Wist je dat waterstof het meest voorkomende element in het universum is? Het is een zeer brandbaar maar erg licht gas, dat onder hoge druk een erg hoge energiedichtheid is. Daarom is het opwekken en gebruiken van waterstof niet zonder risico’s. Incidenten met waterstof kunnen grote impact hebben. Hieronder gaan we dieper in op de verschillende veiligheidsaspecten rondom waterstof.
Hoge diffusiecoëfficiënt
Door de kleine omvang van het molecuul kan waterstof in of zelfs door materialen heen diffunderen. Dit verhoogt de kans op lekkage. Daarom is slechts een beperkt aantal materialen geschikt om in combinatie met waterstof te worden gebruikt. De hoge diffusiecoëfficiënt in lucht heeft als voordeel dat in een open ruimte het waterstofgas zich snel zal vermengen. Daarmee wordt het als het ware verdund. Het risico op een explosie wordt zo verkleind.
Verbrossing
Diffusie van waterstof kan in bepaalde materialen leiden tot negatieve veranderingen van de materiaaleigenschappen. Dit fenomeen staat bekend als ‘waterstofverbrossing’. Doordat waterstof in de haarscheurtjes van het materiaal opgesloten raakt, verzwakt het materiaal. Het gevolg is dat het bros wordt.
Lichter dan lucht
Waterstofgas is veertien keer lichter dan lucht en heeft met een relatieve dampdichtheid van 0,0695 g/l. Wanneer gasvormig waterstof in een gesloten ruimte vrijkomt, zal het zich snel verspreiden en verzamelen in het hoogste punt. Het risico bestaat dat een explosie plaatsvindt als gevolg van ophoping bovenin een afgesloten ruimte.
Hoge ontstekingskans
Waterstof heeft een hoge ontstekingskans vanwege de lage ontstekingsenergie. Om waterstof te kunnen ontsteken, is slechts een kleine hoeveelheid energie nodig (0,02 mJ). De wrijving van kledingstukken kan al voldoende zijn om deze hoeveelheid energie op te wekken. Bovendien kan een mengsel van waterstof en lucht over een zeer breed gebied worden ontstoken (volume- percentage van 4 % tot 75 %). Om ophoping van statische lading in de constructies te vermijden, worden elektrisch goed geleidende materialen toegepast. Ook hoort te worden gezorgd voor zogeheten potentiaalvereffening. Deze neutraliseert de spanningsverschillen en voorkomt gevaarlijke situaties. De zelfontbrandingstemperatuur van waterstof is 571 graden Celsius.

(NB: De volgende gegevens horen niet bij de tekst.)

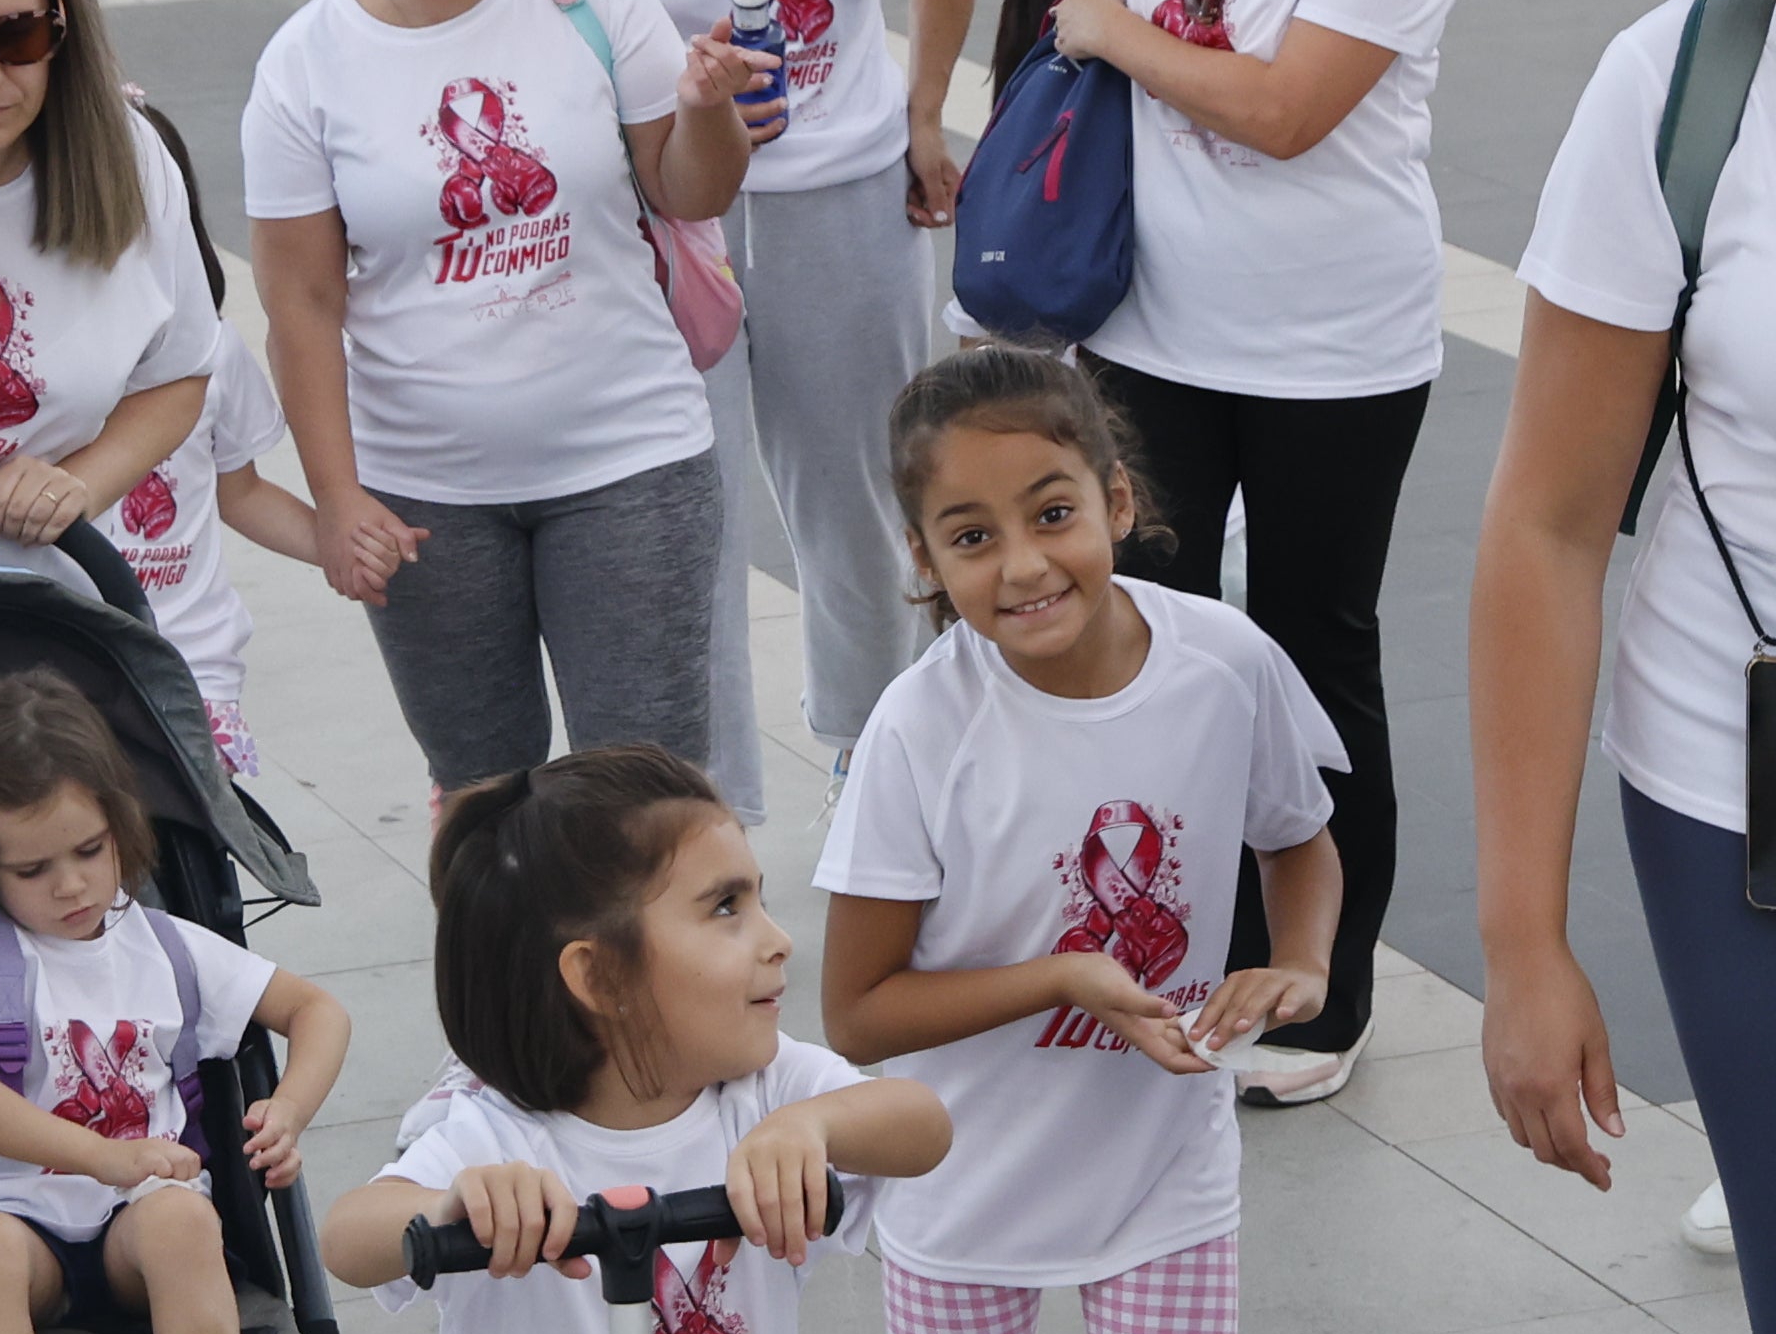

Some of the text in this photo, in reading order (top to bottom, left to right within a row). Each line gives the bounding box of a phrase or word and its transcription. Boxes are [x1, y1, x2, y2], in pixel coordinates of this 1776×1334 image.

[484, 228, 505, 251] NO
[433, 229, 571, 284] TÚ CONMIGO
[133, 563, 188, 592] NMIGO

De kans op directe ontsteking is bij vloeibare waterstof iets lager dan bij gasvormige waterstof. Vloeibare waterstof wordt thermisch geïsoleerd en onder lage druk bewaard, zodat de snelheid en bijbehorende energie waarmee waterstof uitstroomt, lager is en vertraagde ontsteking plaatsvindt. Koude waterstof kan na verdamping alsnog op afstand ontsteken.
Nauwelijks zichtbare vlam
Waterstof heeft een kleurloze, nauwelijks zichtbare vlam en vrijwel geen warmtestraling. Dat maakt het effectief bestrijden van een waterstofbrand een stuk moeilijker. Een waterstofbrand is niet goed door de mens te signaleren. Met speciale warmtebeeldcamera’s of UV-meting is een vlam te detecteren. Hierbij moet rekening worden gehouden met externe invloeden op de apparatuur, zoals zonlicht of lasactiviteiten in de omgeving. Het blussen van een waterstofbrand kan ongewenst zijn, omdat na blussing een explosieve gaswolk kan ontstaan die opnieuw kan ontsteken. Een bluswatergordijn over een waterstofbrand is een ideaal middel om de vlam zichtbaar te maken (deze kleurt onder een watergordijn oranje). Bij een grotere lekkage in een leiding bij een druk van 700 bar kunnen in het geval van brand nagenoeg onzichtbare en krachtige fakkelbranden voorkomen met reikwijdtes van meer dan 1 meter.
Waterstof wordt warmer door uitzetting
In tegenstelling tot veel andere moleculen wordt waterstof juist warmer als het uitzet. Dit effect wordt ook wel een omgekeerd Joule-Thompson effect genoemd.
Cryogene vloeistof
Vloeibare waterstof is een cryogene vloeistof die bij vrijkomen, ook in gasvormige toestand, in eerste instantie naar de bodem zakt. Na verdamping stijgt het waterstofgas op. Waterstof wordt onder druk gezet en gekoeld tot –252,8 graden Celsius (bij 1 013 mbar). Bij blootstelling aan de omgevingslucht kunnen zuurstof en stikstof uit de omgevingslucht condenseren. Vloeibare waterstof kan bij zeer snelle verdamping zorgen voor bevriezingsgevaar.